Because Honey Bucket is an employee of the Princess Tours, she was able to hook me up with all kinds of killer deals. One of them was an astoundingly cheap passage on the Phillips Glacier Cruise operating in the Prince William Sound from the port of Whittier.

View Map

There are only two ways to reach Whittier: boat or tunnel. The tunnel is open only a few select minutes of the day, and in only one direction at a time. The last tunnel out of Whittier is 7pm. Then the populace of the town, and any tourists who missed the tunnel, are stranded there; which is why they sell sweat shirts that
say,

P.O.W
Prisoner of Whittier.


The population of Whittier is about 300 people. Almost all of them live in the same dormitory building. Whittier was primarily a naval port that had housed many seamen in the Buckner Building which was severely damaged by the Earthquake of '64 and subsequently abandoned by the Navy.
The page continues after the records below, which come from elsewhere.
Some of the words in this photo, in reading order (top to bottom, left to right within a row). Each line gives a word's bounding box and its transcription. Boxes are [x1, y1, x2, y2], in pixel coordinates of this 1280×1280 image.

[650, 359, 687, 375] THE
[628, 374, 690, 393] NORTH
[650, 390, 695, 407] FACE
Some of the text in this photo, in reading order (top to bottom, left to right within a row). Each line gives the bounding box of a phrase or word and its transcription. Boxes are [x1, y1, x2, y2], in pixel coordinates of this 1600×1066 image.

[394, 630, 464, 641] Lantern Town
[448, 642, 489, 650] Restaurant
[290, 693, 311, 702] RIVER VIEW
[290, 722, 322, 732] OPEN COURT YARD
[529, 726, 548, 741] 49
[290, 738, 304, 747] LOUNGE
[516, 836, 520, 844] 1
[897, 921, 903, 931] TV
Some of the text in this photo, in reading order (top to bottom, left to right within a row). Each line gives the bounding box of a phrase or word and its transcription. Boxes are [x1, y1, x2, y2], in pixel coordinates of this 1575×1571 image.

Whittier, as far as I can see, is little more than a train tunnel, ship masts, train tracks, a bar/restaurant, two noisy bulldozers, the dormitory building where everyone lives, and the trashed Buckner Building (which Half-Ass calls the Haunted House), and of course the turquoise waters of Prince William Sound – all couched inside the crux of a series of glacier-laden mountains that form the walls of our cage.

This is my second visit to Whittier. I was here a week earlier with H.A. He took me to the Haunted House -- so named for its many rooms and vaults and machinery and decrepit floorboards and overall eerie-ness of a ghost town.

Half-Ass -- who had explored the Buckner Building manytimes -- describes the Haunted House as such:

"[It has an officer's lounge, operating room, movie theater, bowling alley, mess hall, some place spray painted, 'Fuck Room', an underground tunnel, and the septic tanks (where a noted local mountain racer stuck his head into thirty-seven year-old freeze dried shit and threw a handful at Honey Bucket)."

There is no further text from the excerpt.